Listed entries –
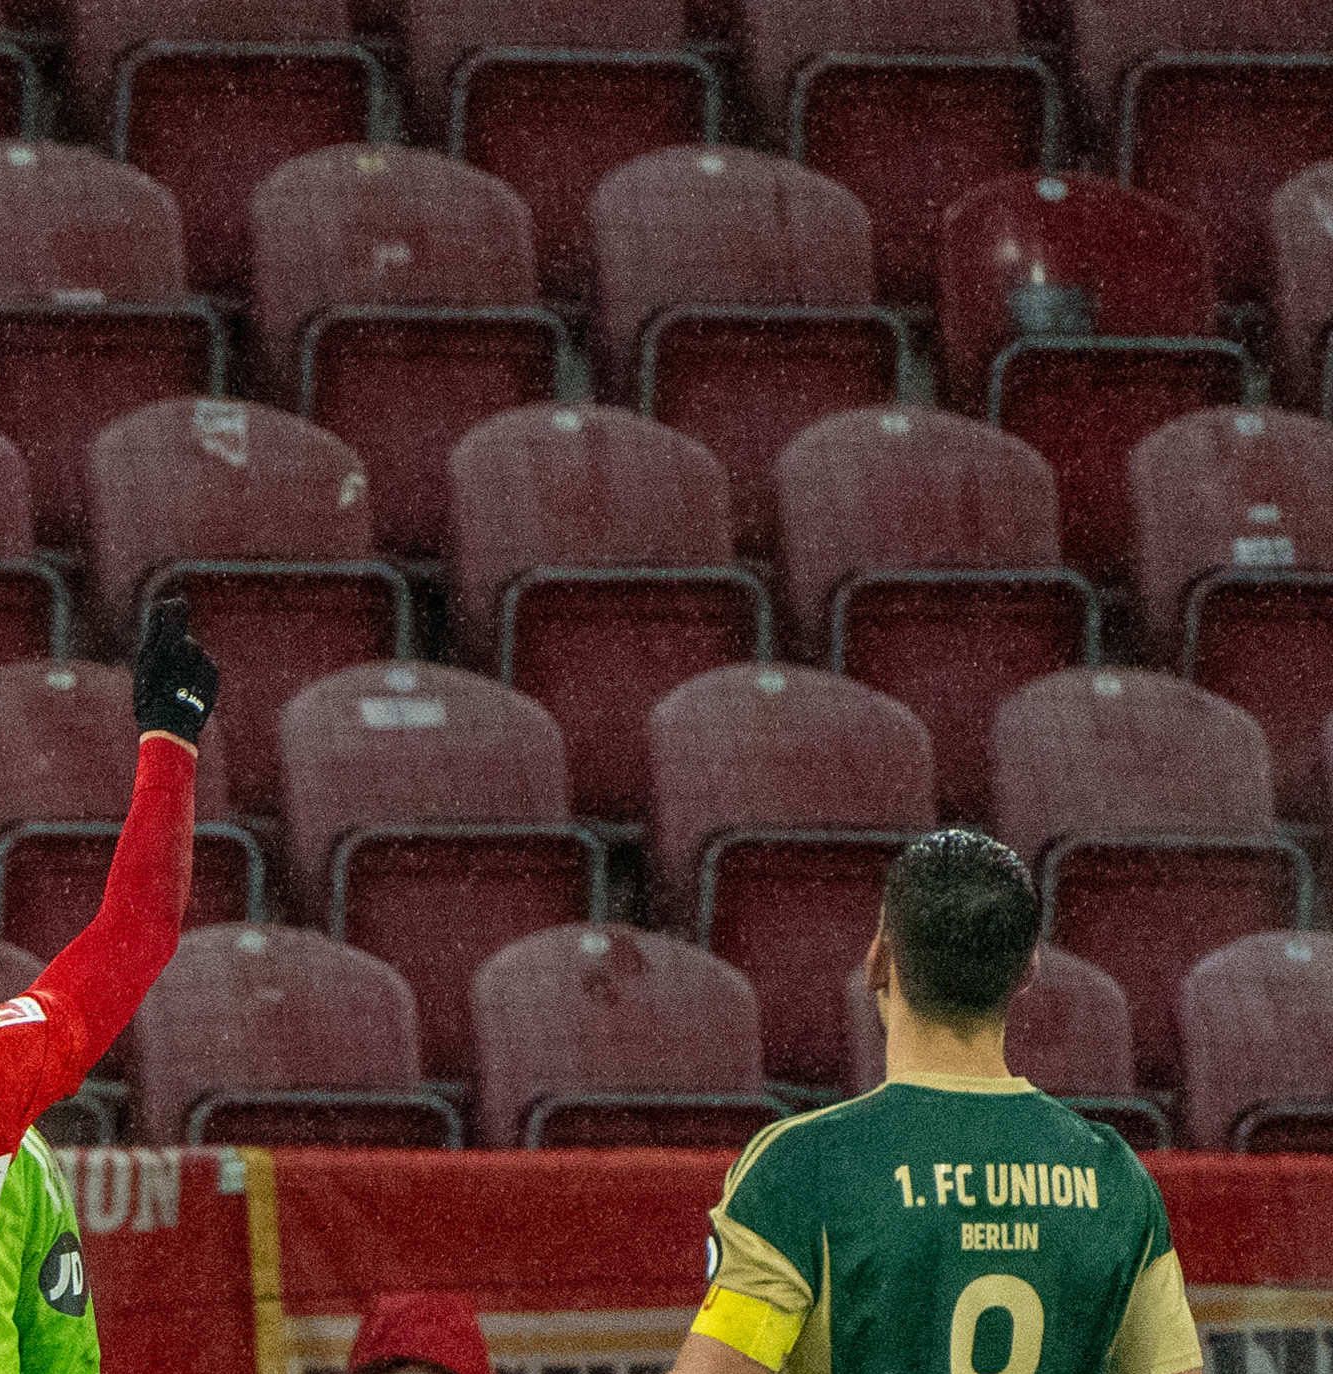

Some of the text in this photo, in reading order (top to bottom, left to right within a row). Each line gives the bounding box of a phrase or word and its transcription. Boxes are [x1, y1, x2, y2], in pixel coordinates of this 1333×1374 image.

[894, 1163, 1099, 1209] 1. FC UNION
[961, 1222, 1039, 1251] BERLIN
[49, 1250, 84, 1302] JD
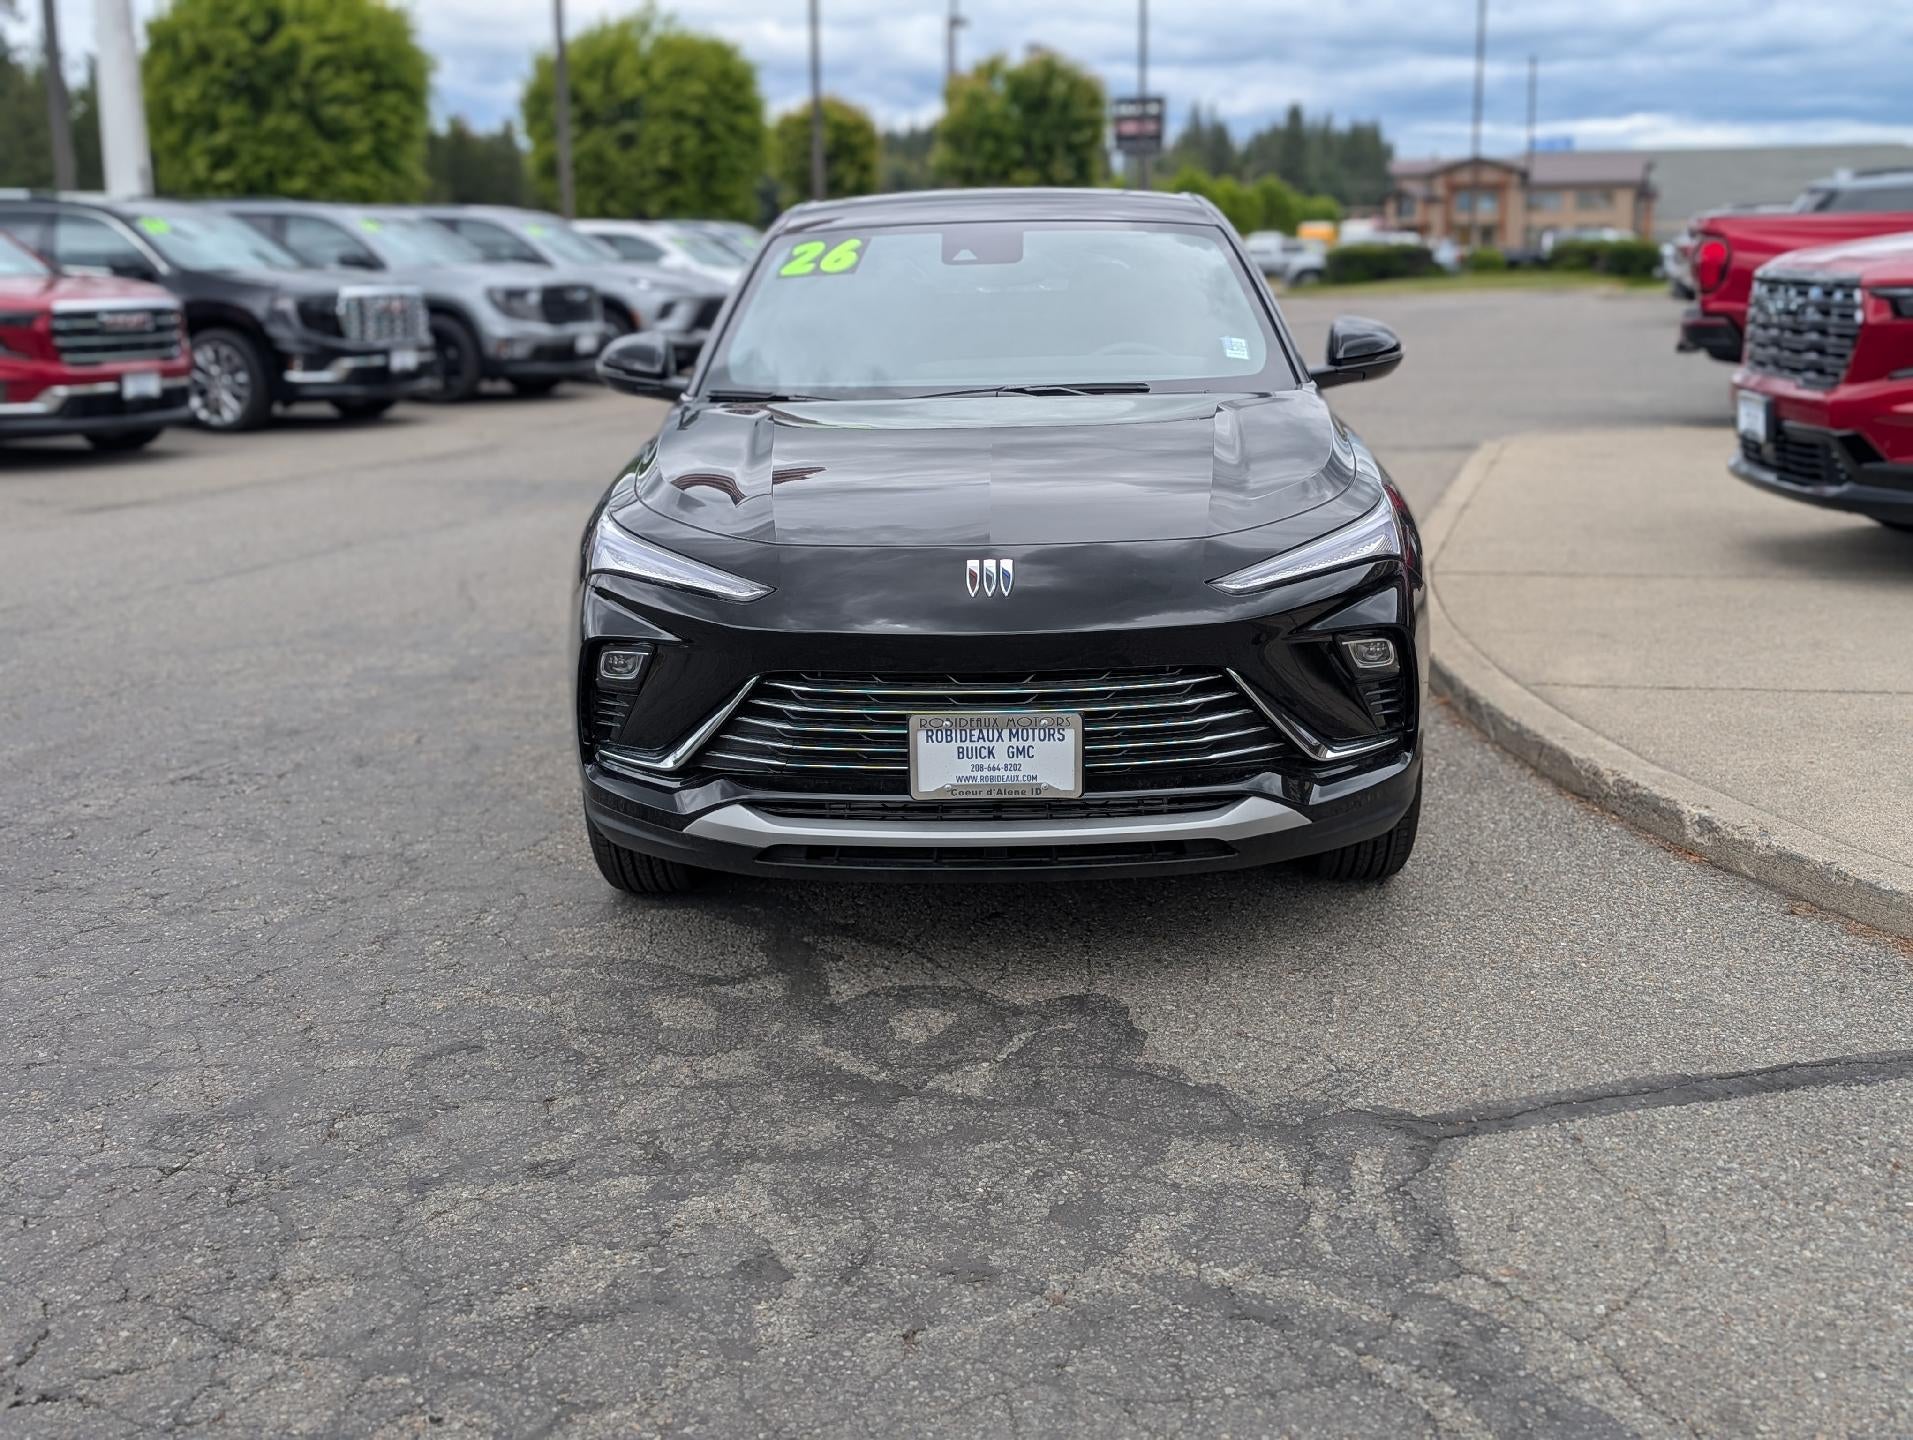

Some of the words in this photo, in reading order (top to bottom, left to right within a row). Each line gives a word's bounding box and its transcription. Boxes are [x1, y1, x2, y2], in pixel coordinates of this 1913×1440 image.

[779, 238, 863, 277] 26
[919, 717, 999, 728] ROBIDEAUX
[1006, 716, 1071, 727] MOTORS
[925, 728, 1004, 743] ROBIDEAUX
[1008, 727, 1066, 742] MOTORS
[957, 745, 995, 760] BUICK
[1007, 745, 1035, 759] GMC
[970, 763, 1022, 772] 208-664-8202
[956, 774, 1038, 783] WWW.ROBIDEAUX.COM
[951, 788, 982, 797] Coeur

Instructions for the task –
Where the line containing "Some of the words" appears in the records above, begin copying and continue through the last line; copy each line exactly and include no others.

Answer area –
Some of the words in this photo, in reading order (top to bottom, left to right within a row). Each line gives a word's bounding box and its transcription. Boxes are [x1, y1, x2, y2], in pixel coordinates of this 1913×1440 image.

[779, 238, 863, 277] 26
[919, 717, 999, 728] ROBIDEAUX
[1006, 716, 1071, 727] MOTORS
[925, 728, 1004, 743] ROBIDEAUX
[1008, 727, 1066, 742] MOTORS
[957, 745, 995, 760] BUICK
[1007, 745, 1035, 759] GMC
[970, 763, 1022, 772] 208-664-8202
[956, 774, 1038, 783] WWW.ROBIDEAUX.COM
[951, 788, 982, 797] Coeur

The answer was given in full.